You may wonder how I got such an old CPU that does not support AVX instructions for showing the above message. Actually, during developing this feature in JIT compiler, we have considered the situations that hardware specific programs are difficult to test for all the hardware. So, we provide several environment variables to save developers’ money from purchasing old hardware for testing :). For example, you can set COMPlus_EnableAVX=0 to disable AVX (and newer ISAs that depend on AVX) in your .NET Core process. Then, the code path for older CPUs can be tested on new machines. .NET Core 3.0 has one such environment variable for each x86 ISA (e.g., COMPlus_EnableSSE41, COMPlus_EnableAVX2, COMPlus_EnableFMA, etc.).

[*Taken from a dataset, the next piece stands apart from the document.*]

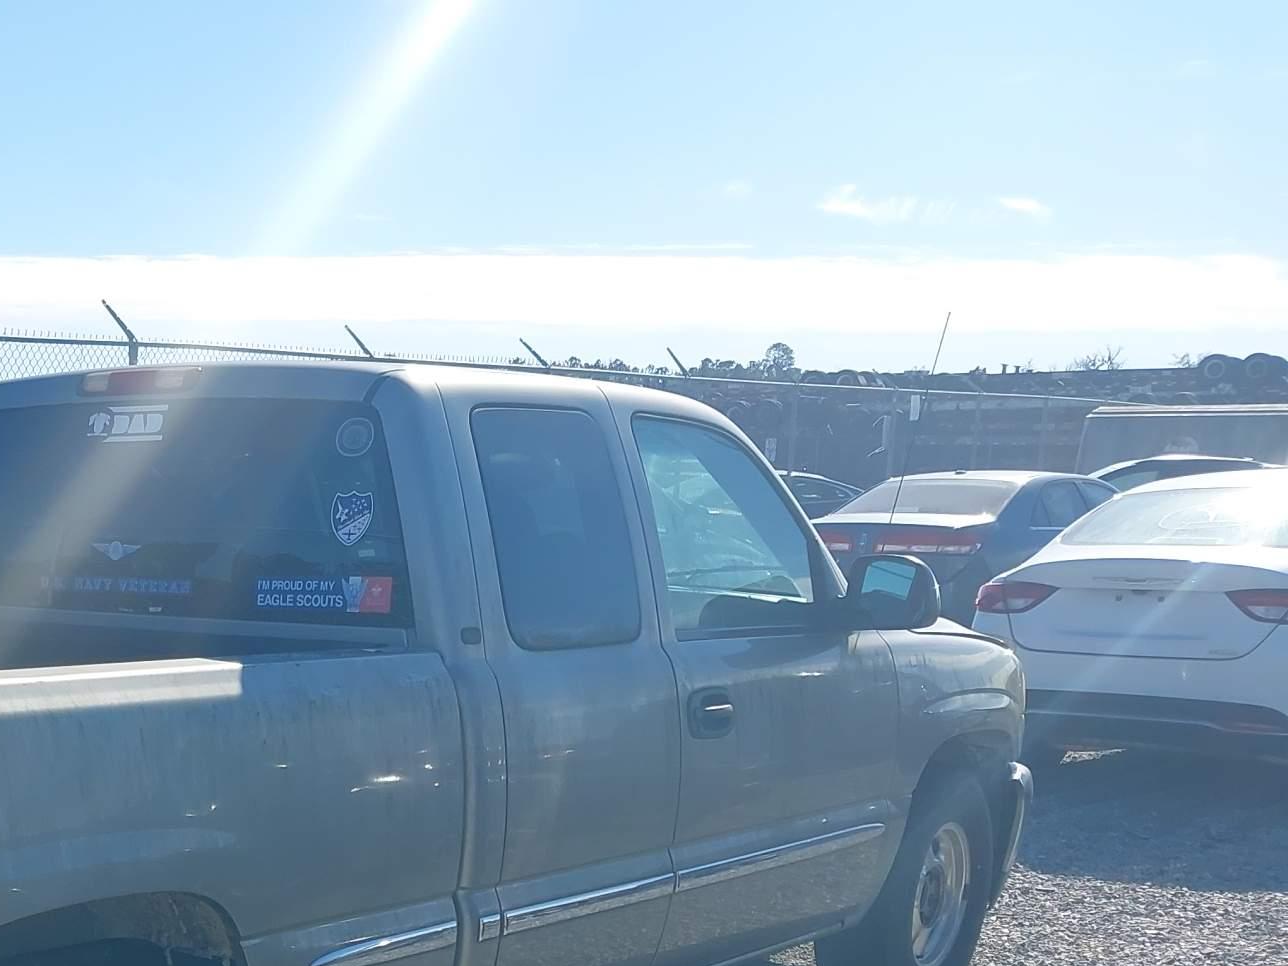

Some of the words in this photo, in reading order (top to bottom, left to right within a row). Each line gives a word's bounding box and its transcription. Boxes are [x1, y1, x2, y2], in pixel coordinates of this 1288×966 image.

Additionally, you may think the Simd.Add code too verbose since every intrinsic call has a leading ISA name (Avx.Add). Fortunately, this verbose can be avoided by C# using static

using static System.Runtime.Intrinsics.X86.Avx;

...

Vector256<float> v1 = LoadVector256(ptr_a + i);
Vector256<float> v2 = LoadVector256(ptr_b + i);
Vector256<float> res = Add(v1, v2);
Store(ptr_res + i, res);

We intentionally designed every intrinsic API to work with using static without conflicts, even if the program mixes intrinsics from different ISAs.

Further Studying

The hardware intrinsic system in .NET Core 3.0 is not only a bunch of new APIs, that also opens the door of low-level programming and high-performance computing for .NET Core programmers. So, I plan to write a series of blogs to introduce the intrinsic APIs, SIMD programming in C#, and JIT compiler optimizations. But you might have no patience to wait for the next article, no worries, here are some materials that help for further studying

API documentation: There is no formal documentation for hardware intrinsic yet before .NET Core 3.0 release. But everything in .NET Core is open source, you can take a look at the source code of these APIs at here, which each API has comments that correspond to C/C++ intrinsic APIs and x86 assembly instructions. Then you can reuse the C/C++ intrinsic API documentation provided by Intel that is pretty straightforward for developers who have C/C++ experience.
Performance analysis: Improving performance is the main purpose to use hardware intrinsic. BecnmarkDotnet is an open source profiler for .NET Core applications and it is easy to use. Meanwhile, I really like Intel VTune that provides more sophisticated runtime hardware information, which is better for optimizing but understanding VTune output requires a bit of hardware knowledge.
More hardware intrinsic examples: the .NET Core community has leveraged intrinsics to optimize the library code in CoreFX and CoreCLR repos, watching related issues and PRs on GitHub is a good approach to learn. For example, Ben Adams’s PRs that vectorizing IndexOf. There are also some individual projects that heavily use hardware intrinsics, SimdJsonSharp is a C# port of SimdJson algorithm that accelerates JSON parsing using AVX2 instructions. PacketTracer is an SoA-vectorized ray tracing that is used to investigating .NET Core SIMD code generation quality.